America’s Pulse

You know I can’t see when you shake that flag in front of my eyes,

When you multiply the enemy just to divide.

Who cares about the you and the me in the meantime

— “In the Meantime” The Railway Children

On the night of Sunday, 12 June, I got an email from my father that said simply, “There’s a lot of crazies out there. Be careful and be safe.” That day was probably a wake-up call for a lot of parents of LGBT children, a horrific reminder of the hate and bigotry that those of us in the community experience almost daily — on social media, in our churches, from our politicians, and out of the mouths of the people who claim to be our neighbors. In the early hours of 12 June, 2016, that hatred left 49 people dead, 52 injured, and thousands grieving.

There have been too many other horrific days, tragedies unfolding in Bangladesh, Dallas, and Nice, to name just a few. The events that unfolded should not be so quickly forgotten. Clearly, however, they were forgotten by most speakers at the Republican National Convention this year, who opted to cite the San Bernardino shooting that left 14 dead over the largest mass-shooting in the United States’ history when speaking of “radical Islamic” violence.
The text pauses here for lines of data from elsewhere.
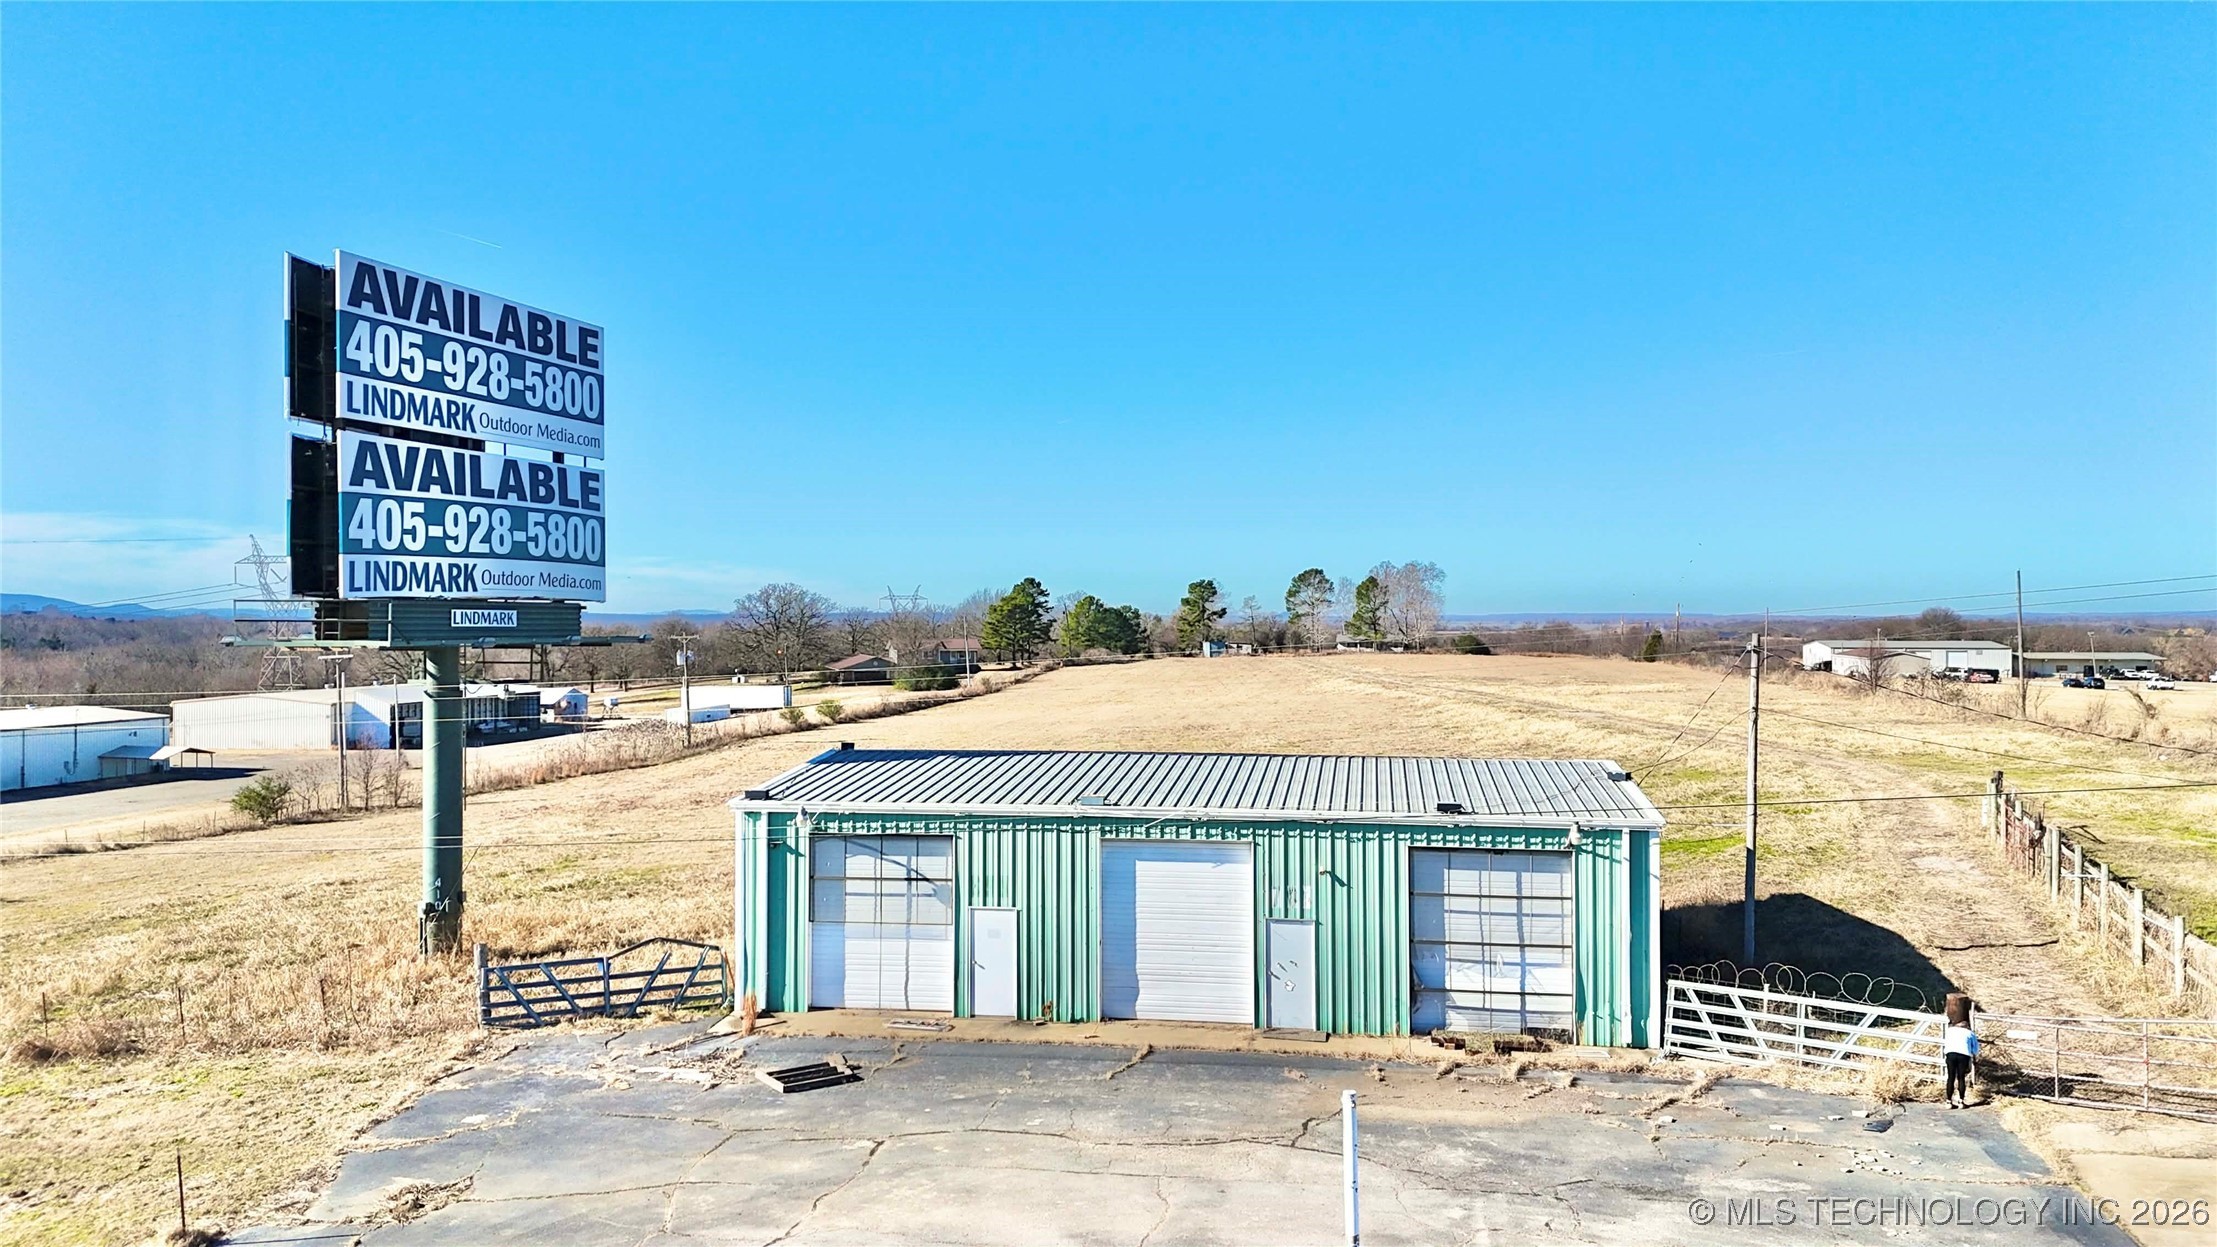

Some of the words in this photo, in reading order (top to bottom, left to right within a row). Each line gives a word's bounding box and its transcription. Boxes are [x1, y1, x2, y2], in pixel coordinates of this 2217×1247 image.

[347, 261, 599, 370] AVAILABLE
[346, 319, 601, 419] 405-928-5800
[346, 380, 477, 433] LINDMARK
[479, 412, 533, 437] Outdoor
[536, 424, 601, 449] Media.com
[349, 439, 601, 512] AVAILABLE
[348, 498, 601, 562] 405-928-5800
[349, 560, 478, 592] LINDMARK
[481, 569, 536, 587] Outdoor
[538, 572, 602, 591] Media.com
[453, 611, 515, 625] LINDMARK
Still, the Pulse shootings have a larger implication beyond being just another mass-shooting.

According to Mark Potok of the Southern Poverty Law Center, “LGBT people are more than twice as likely to be the target of a violent hate-crime than Jews or black people… They are more than four times as likely as Muslims, and almost 14 times as likely as Latinos.” (qtd. in “The Extraordinarily Common Violence Against LGBT People in America”, The Atlantic, 12 June, 2016) We can give kudos to Donald Trump for being the first Republican presidential nominee to offer the LGBT community any type of protection in his nomination acceptance speech, noting he will protect LGBT individuals from foreign militants, but the truth is we need more protection from the redneck nutcase who lives a few blocks away than from ISIL. While this violence usually takes the form of small-scale attacks, known as gay-bashing, it has also come in the form of mass assaults, and LGBT history is littered with such occurrences.

The shooting in Orlando was not the first time someone opened fire in a gay bar, having happened previously in 1980 in New York City, in 2000 in Roanoke, Virginia, and again in 2006 in New Bedford, Massachusetts. Seventeen people, most minors, were shot in a Tel Aviv LGBT youth center in 2009. Two people were killed and 81 injured after a bomb went off in a London gay bar in 1999, while two years earlier, a bomb exploding inside an Atlanta lesbian bar injured five.

The violence hasn’t just been in business locations, but has spilled over to Pride festivals, as we were painfully reminded when an Indiana man (white, with no Islamic ties) with a small arsenal was arrested outside the L. A. Pride festival the same day that the world was hearing of the shootings at Pulse in Orlando. Violence and attacks against LGBT individuals have marked Pride celebrations in Moscow for years, as well as many Eastern European nations, so much so that a Moscow court banned gay pride parades for 100 years. In Jerusalem, a man stabbed three people at the annual Pride Parade in 2005; three weeks after his release from prison in 2015, he returned to Jerusalem’s Pride Parade and stabbed six more people. Sao Paulo, Brazil, saw its 2009 Pride Parade destroyed by a bomb blast that left 21 people injured.

Clearly, there has been a lot of hatred aimed at the LGBT community, often in the name of religion (although one very rarely sees such mass violence against any other group of “sinners” other than those associated with abortion). There has been much discussion in the time since the Pulse shooting about whether the events in Orlando were a hate crime. Was the shooter homophobic or was he a gay man deeply in denial? A hater of Hispanics or a lover of ISIS?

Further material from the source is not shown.